What value was it when you said "you won't get any meaningful output in a thousand generations of clerks"?
In my original statement of this I had already pointed out the long time frame.
So I am puzzled as why you felt the need to point this out. You seemed to be implying that I had not thought it out.
I was only pointing out that I had.
GrahamH wrote:
You didn't answer my question.
You posted "It doesn't take quintillions of workers all at once trained for billions of years to desk check an algorithm.", which is of no relevance.
We can just as well suppose quintillions of workers, or billions of years, or any other absurdly large numbers. What is your point?


Positron wrote:You posted "It doesn't take quintillions of workers all at once trained for billions of years to desk check an algorithm.", which is of no relevance.
Of course it is of relevance. Quintillions of workers all at once would obviously be impossible. A small number of workers over a long time period is possible.
Positron wrote:
And my original point was that if the computer, modelling the same neural architecture that we have, would claim to be conscious then it would suggest - if it is not conscious - that when we claim to be conscious we don't do so because we are conscious.
But I imagine that when I say I am conscious that it is because I am conscious.
So thinking about this leads me to either one or another conclusion that is, to me, absurd. And avoiding one absurd conclusion seems to run me smack bang into another absurd conclusion.
zoon wrote:Positron wrote:
And my original point was that if the computer, modelling the same neural architecture that we have, would claim to be conscious then it would suggest - if it is not conscious - that when we claim to be conscious we don't do so because we are conscious.
But I imagine that when I say I am conscious that it is because I am conscious.
So thinking about this leads me to either one or another conclusion that is, to me, absurd. And avoiding one absurd conclusion seems to run me smack bang into another absurd conclusion.
I can only agree with you, the hard problem looks as intractable as ever. Materialism doesn’t help while I am sure from second to second that I am conscious. But, like all the materialists here (if not the theists) I feel strongly that there has to be at least some way of coming to terms with the possibility that I’m a machine made up of predictable elements.
It does seem easier if I imagine there isn’t any other person around. The distinction between “I” and the external world shows signs of disappearing. But imagining other people around without imagining them as conscious feels possible, but seriously wrong.
zoon wrote:I can only agree with you, the hard problem looks as intractable as ever. Materialism doesn’t help while I am sure from second to second that I am conscious. But, like all the materialists here (if not the theists) I feel strongly that there has to be at least some way of coming to terms with the possibility that I’m a machine made up of predictable elements.

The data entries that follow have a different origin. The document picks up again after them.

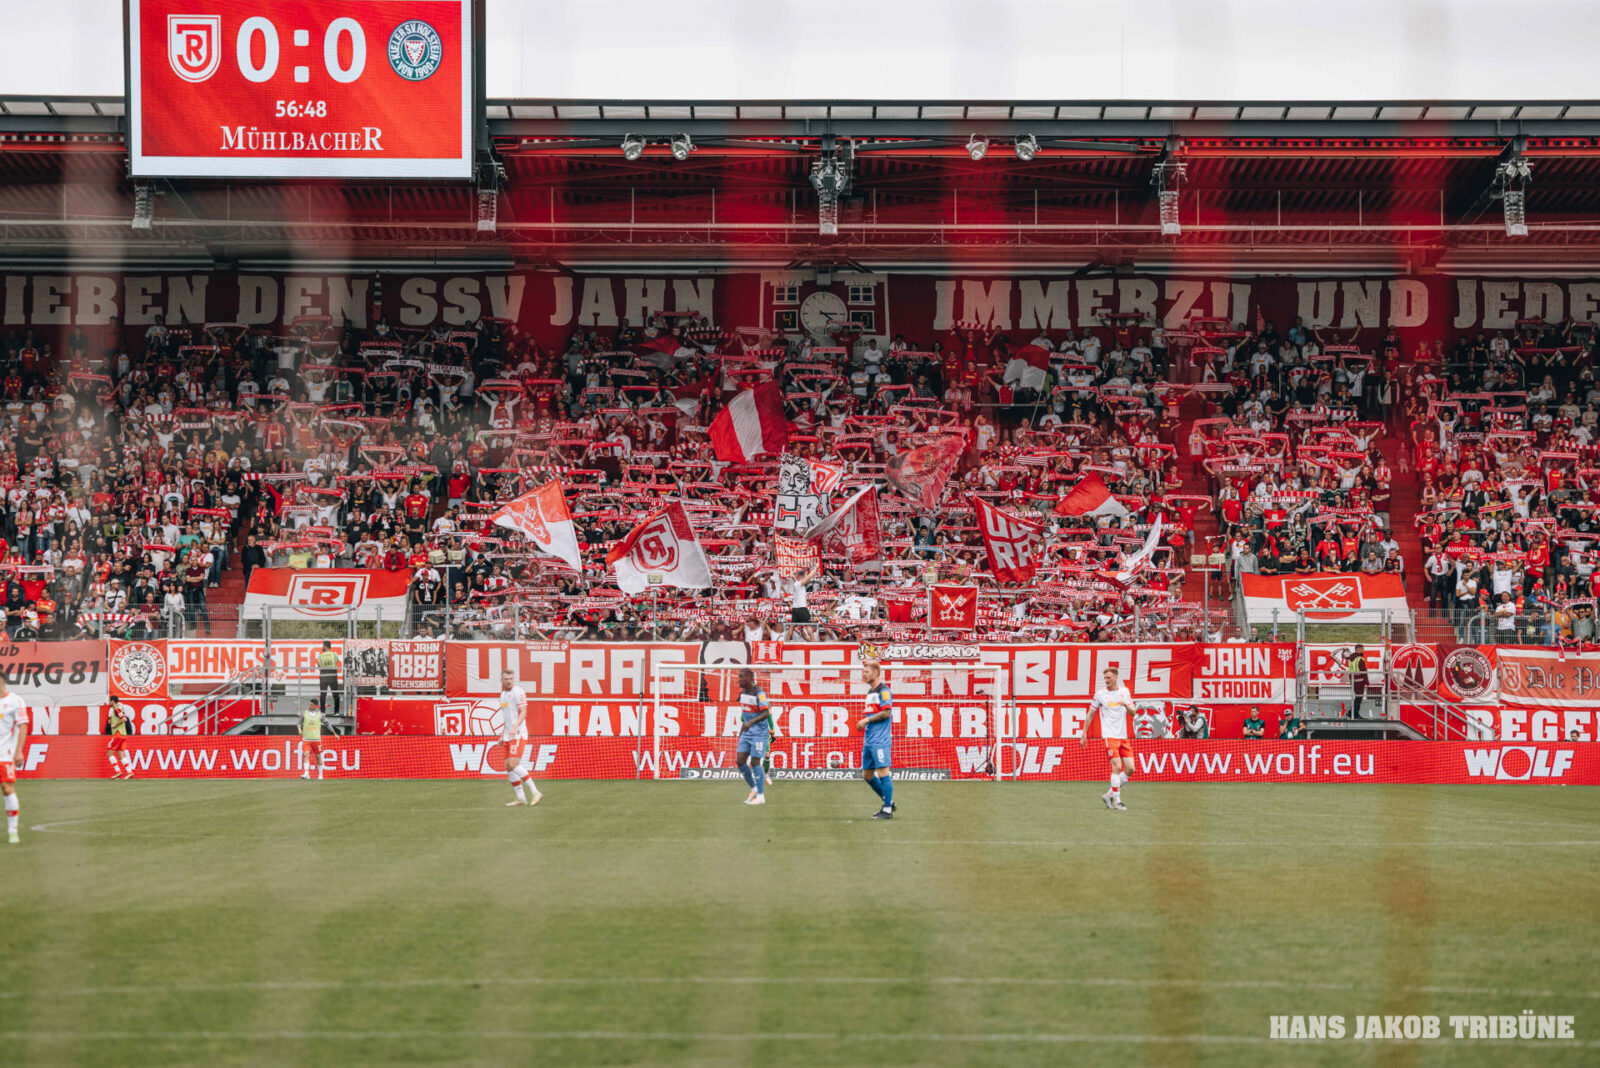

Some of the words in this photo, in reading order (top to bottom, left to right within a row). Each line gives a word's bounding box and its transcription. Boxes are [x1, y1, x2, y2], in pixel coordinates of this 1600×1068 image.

[236, 16, 367, 84] 0:0
[390, 29, 407, 61] KIELER
[404, 22, 417, 35] SV
[416, 23, 440, 61] HOLSTEIN
[397, 61, 414, 78] VON
[414, 61, 434, 78] 1900
[275, 100, 327, 118] 56:48
[220, 125, 384, 151] MÜHLBACHER
[237, 276, 369, 329] DEN
[400, 277, 526, 326] SSV
[550, 277, 715, 329] JAHN
[934, 279, 1251, 331] IMMERZU
[1297, 279, 1429, 329] UND
[1453, 279, 1600, 330] JEDE
[391, 642, 410, 652] SSV
[413, 642, 440, 652] JAHN
[884, 643, 911, 659] RED
[0, 662, 64, 688] URG
[69, 661, 99, 684] 81
[391, 654, 439, 678] 1889
[466, 647, 685, 695] ULTRAS
[1201, 647, 1271, 676] JAHN
[391, 679, 439, 689] REGENSBURG
[1201, 680, 1272, 698] STADION
[1525, 664, 1565, 689] Die
[552, 704, 680, 737] HANS
[1463, 709, 1600, 742] REGE
[631, 742, 864, 771] www.olf.eu
[1138, 744, 1375, 775] www.wolf.eu
[1464, 746, 1575, 780] WOLF
[775, 770, 855, 780] PANOMERA

It does seem easier if I imagine there isn’t any other person around. The distinction between “I” and the external world shows signs of disappearing. But imagining other people around without imagining them as conscious feels possible, but seriously wrong.

GrahamH wrote:
But can you refute the possibility that "a machine made of predictable elements" can not all the work of understanding?
Is anything understood beyond its raw recognition that it is present or its relations to other things? Is there any reason why brains, or machines, cannot do that raw recognition and contextual interpretation?
If it is valid to say a brain can understand, handle knowledge, then it can understand itself as a subject having experiences. It can be absolutely certain that this is the case. As certain as you or I are of our experiences, as self-blind as you and I are of the events underlying our experiences.
Predictability of the parts does not lead to practical predictability of the whole. See chaos theory.